Uganda moves closer to issue inaugural Sukuk
The sukuk is expected to finance 15 per cent of the funds required for the SGR project

Uganda is in the advanced stages of issuing its inaugural sovereign sukuk (Islamic bond) to finance part of the US$3.17 billion Standard Gauge Railway project, a 272-kilometre line from the boarder at Malaba to Kampala.
The sukuk is expected to finance 15 per cent of the funds required for the railway, alongside funding from Export Credit Agencies and Development Finance Institutions.
A sukuk is a financial instrument used in Islamic finance and is often compared to a bond. However, unlike a conventional bond, a sukuk does not involve interest payments, which is prohibited under Islamic finance principles.
Investors in sukuk earn a share of returns generated by an underlying real asset, project, or investment activity.
The government hopes the sukuk will attract investors from Islamic banking markets in East Africa and beyond who may not normally participate in Uganda’s conventional debt market.
The Sukuk bond is designed to be accessible, with a minimum investment of US$265, and will be listed on the Uganda Securities Exchange as well as international markets. To encourage participation, the government has designated returns as tax-exempt for infrastructure bonds with a tenor of 10 years or more.
The structure could also help Uganda access long-term infrastructure financing without relying entirely on traditional commercial borrowing, which has become increasingly expensive as global interest rates remain elevated and debt servicing pressures grow.
Uganda’s move reflects a broader trend across Africa and the Middle East, where governments have increasingly turned to sukuk markets to diversify funding sources and attract investors who specifically seek Sharia-compliant investments.
Countries such as South Africa, Nigeria and Egypt have already issued sovereign sukuk to finance infrastructure and budget needs. The market has also grown rapidly in Gulf countries and parts of Asia, particularly in Malaysia and Saudi Arabia, where Islamic finance is deeply established.
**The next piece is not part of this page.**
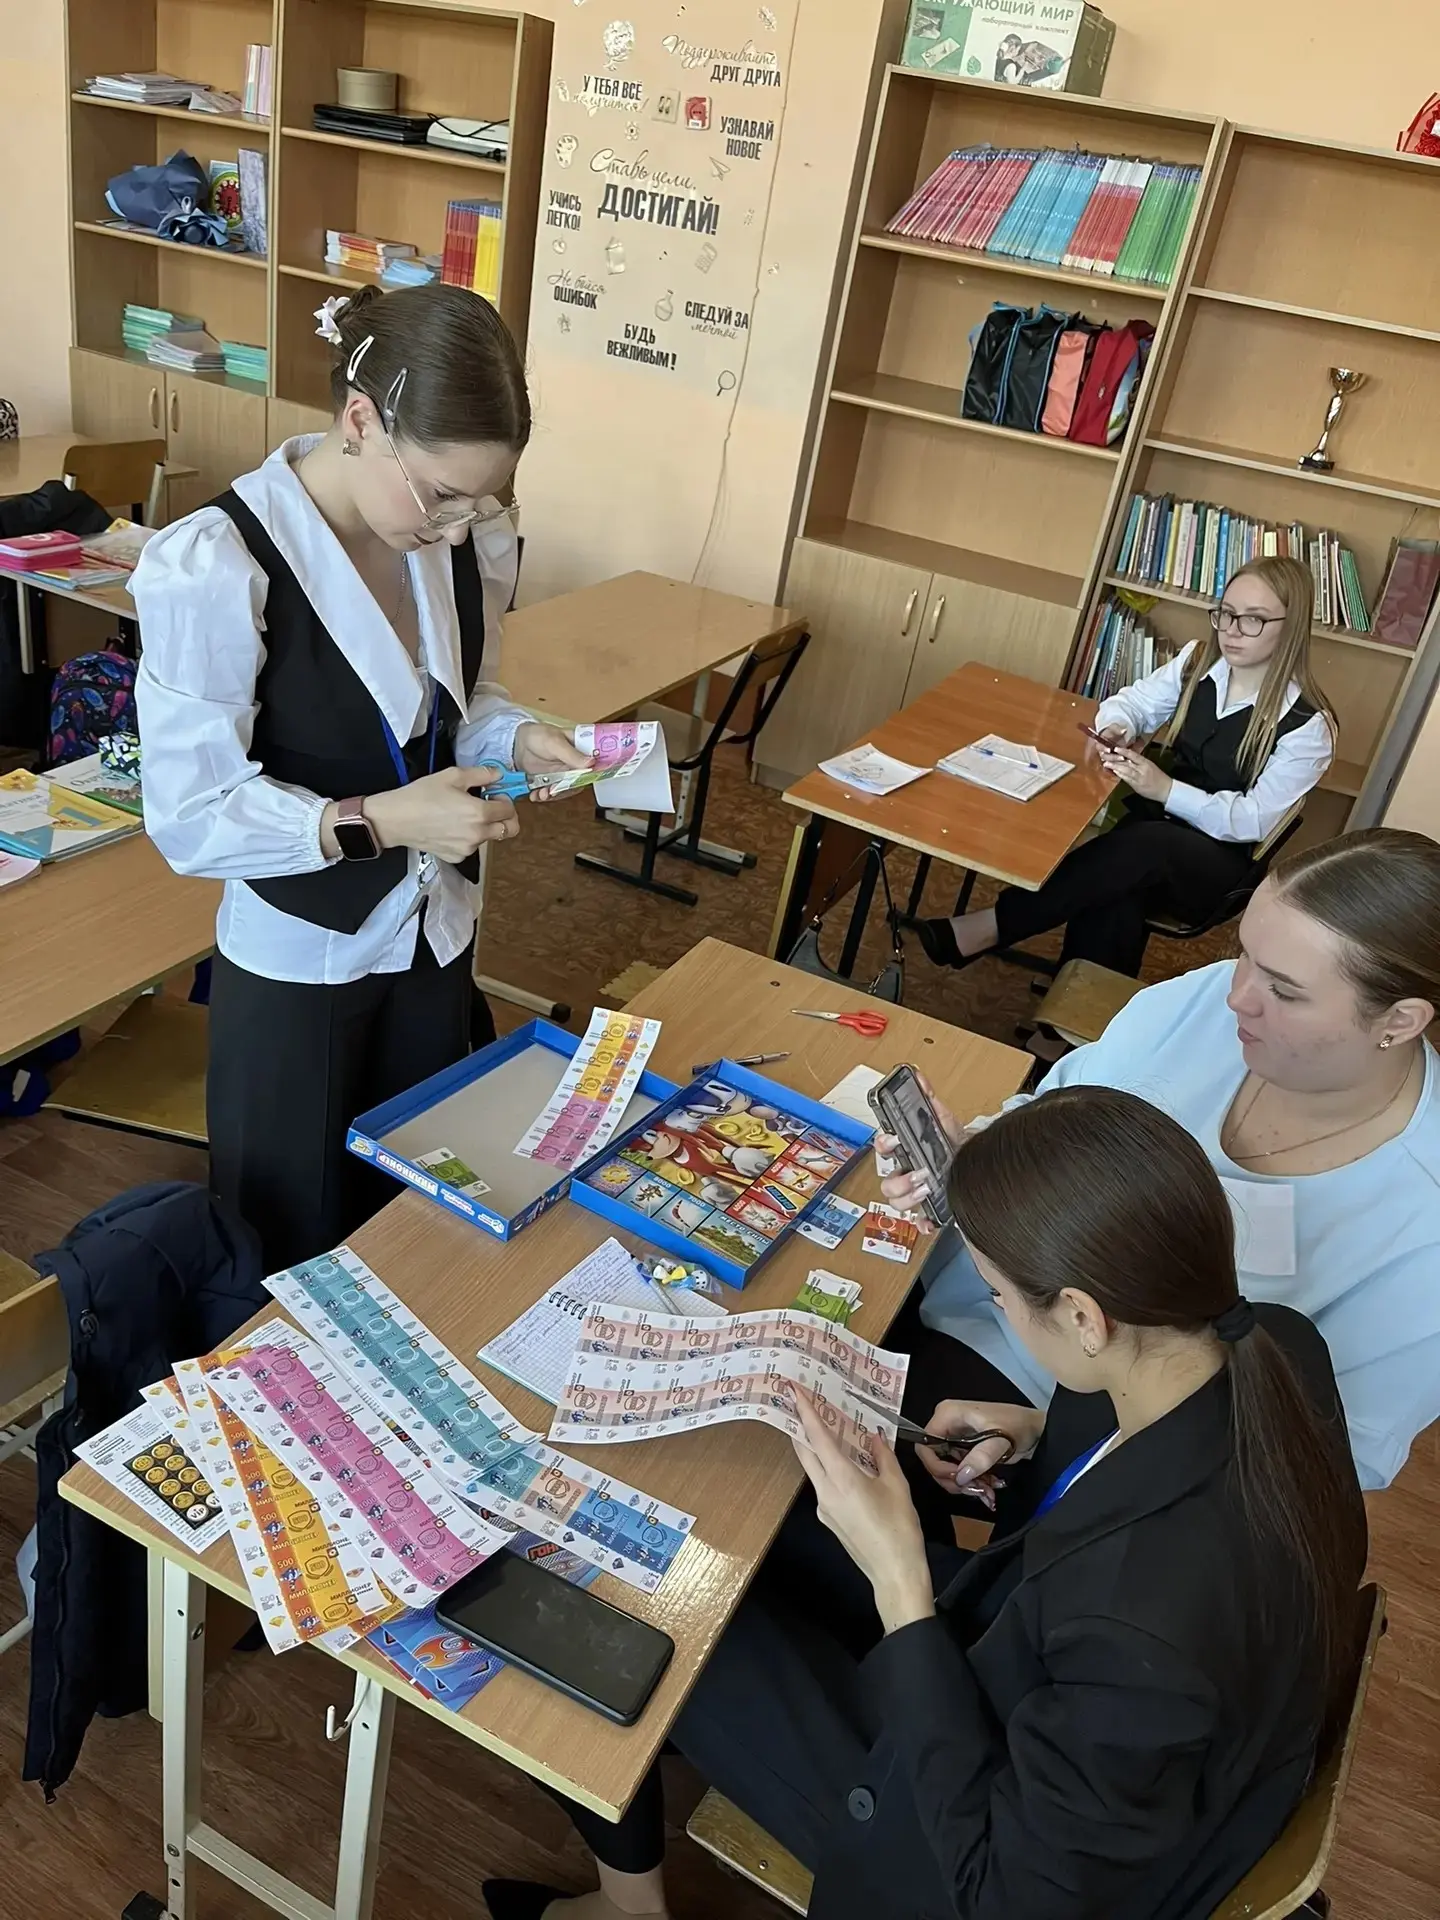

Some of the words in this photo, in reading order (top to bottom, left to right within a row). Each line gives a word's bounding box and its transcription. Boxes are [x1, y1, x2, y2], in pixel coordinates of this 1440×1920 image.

Last year, the government of Zanzibar launched a landmark Sukuk programme to raise Tsh1.115 trillion (approximately $414 million) for key infrastructure and blue economy development projects.
The bond was issued via a special-purpose vehicle, Zanzibar Treasury Sukuk1 Treasury Limited, and arranged by Yusra Sukuk Company.
This historic issuance was targeted at overcoming infrastructure bottlenecks and financing 12 key public development projects across the isles, which include Construction of Terminal 4 at the Abeid Amani Karume International Airport.
Globally, the appetite for Sukuk has been rising. According to S&P, global Sukuk issuance grew by 25% in 2025 by over US$ 300 billion, raising the total outstanding value to over US$ 1 trillion. In Africa, in 2025, sukuk issuance surged from $112 million in 2024 to nearly US$3 billion, driven mainly by Egypt’s US$2.8 billion sukuk in October 2025.
Uganda opened its doors to Islamic financial ecosystem in 2023 and this saw the licensing of Salaam Bank, and the recent launch this year of Tamini General Insurance to offer Takaful (Islamic insurance).
How a Sukuk differs from a conventional bond
While both instruments are used to raise capital, they are fundamentally different.
A conventional bond represents debt. Investors receive interest payments over a fixed period, and do not own the underlying asset.
Sukuk investors on the other hand own a share of the underlying asset; and earn a profit or rental income over the lifetime of the asset instead of interest.
For Uganda’s SGR Sukuk, investors will earn rental income from the railway once operational. The principal amount will be repaid at maturity when the Special Purpose Vehicle (SPV) sells the financed portion of the SGR back to the government. The SPV will be a Ugandan entity responsible for receiving the sukuk proceeds and holding the asset on behalf of investors.